[Items listed in a dataset]
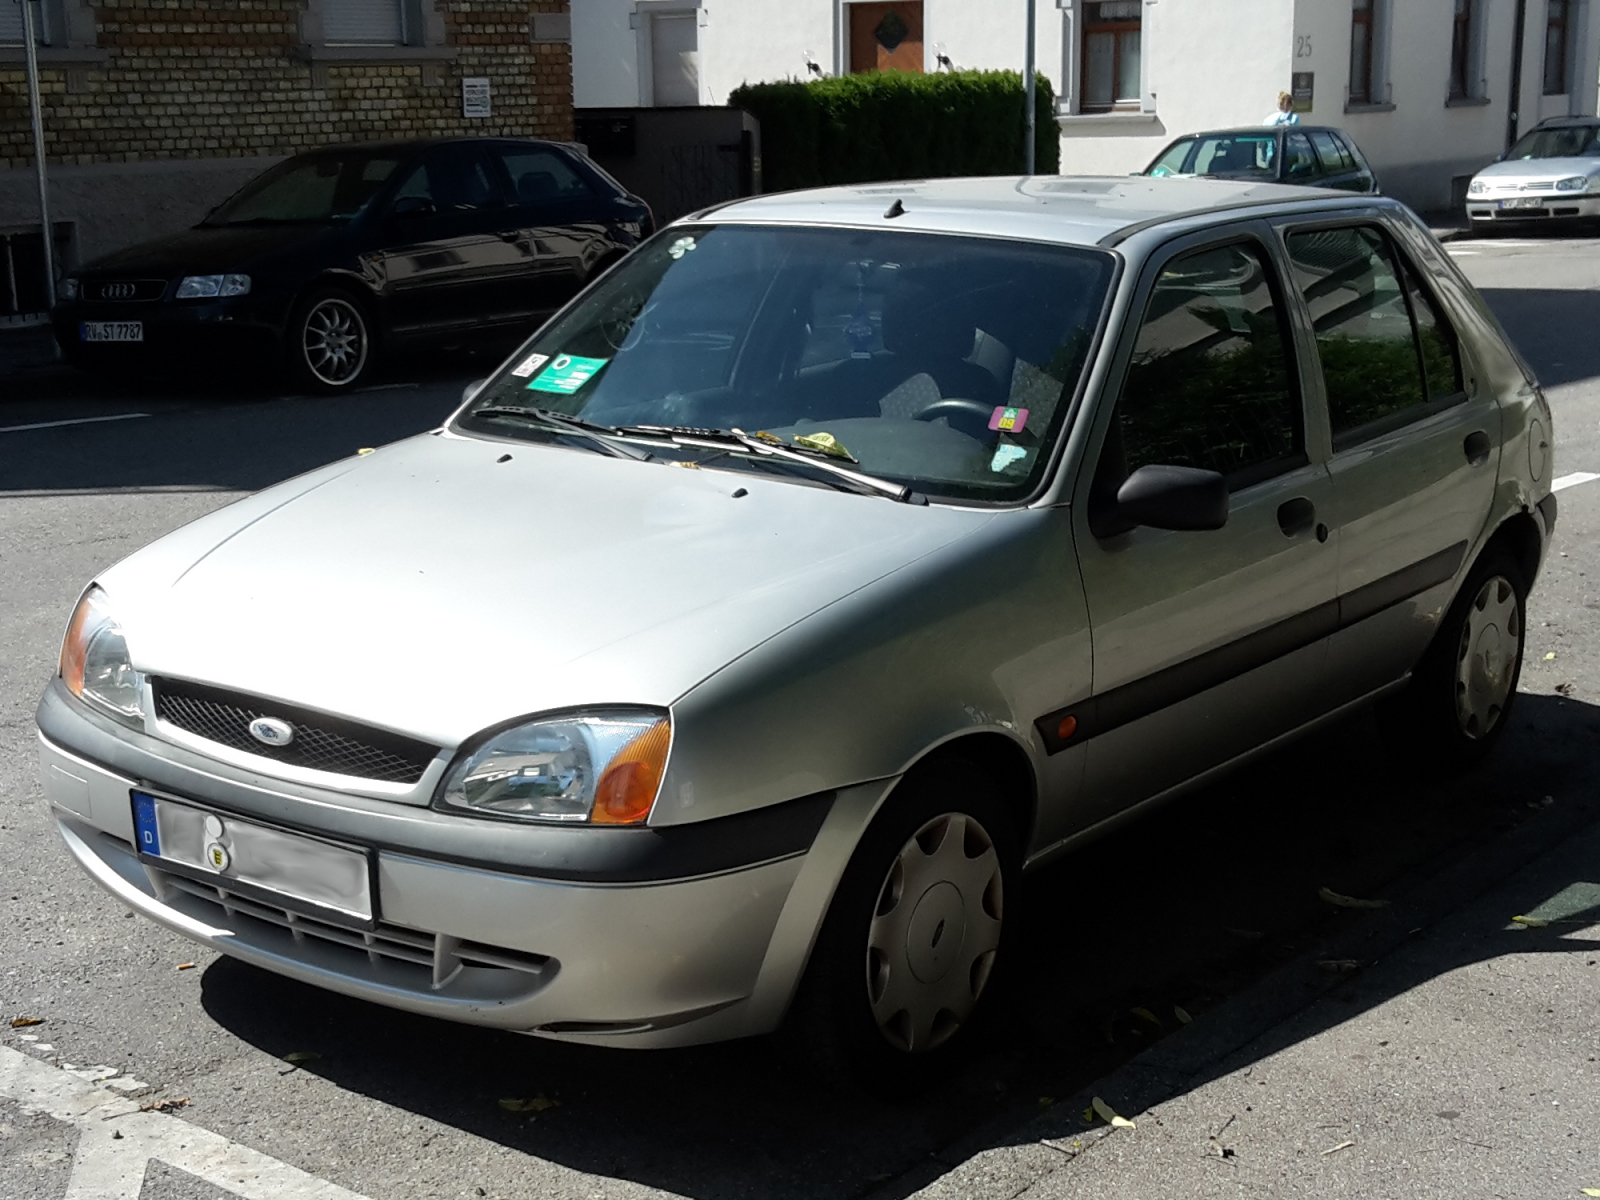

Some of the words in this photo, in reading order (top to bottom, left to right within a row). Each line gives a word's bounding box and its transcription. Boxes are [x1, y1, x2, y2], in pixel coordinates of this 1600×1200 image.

[1297, 35, 1312, 57] 25
[103, 323, 115, 339] ST
[117, 323, 141, 339] 7787
[144, 830, 153, 844] D

- **Assigned task**
Could you repeat all of the entries exactly, without any of the images?

- **Exercise solution**
Some of the words in this photo, in reading order (top to bottom, left to right within a row). Each line gives a word's bounding box and its transcription. Boxes are [x1, y1, x2, y2], in pixel coordinates of this 1600×1200 image.

[1297, 35, 1312, 57] 25
[103, 323, 115, 339] ST
[117, 323, 141, 339] 7787
[144, 830, 153, 844] D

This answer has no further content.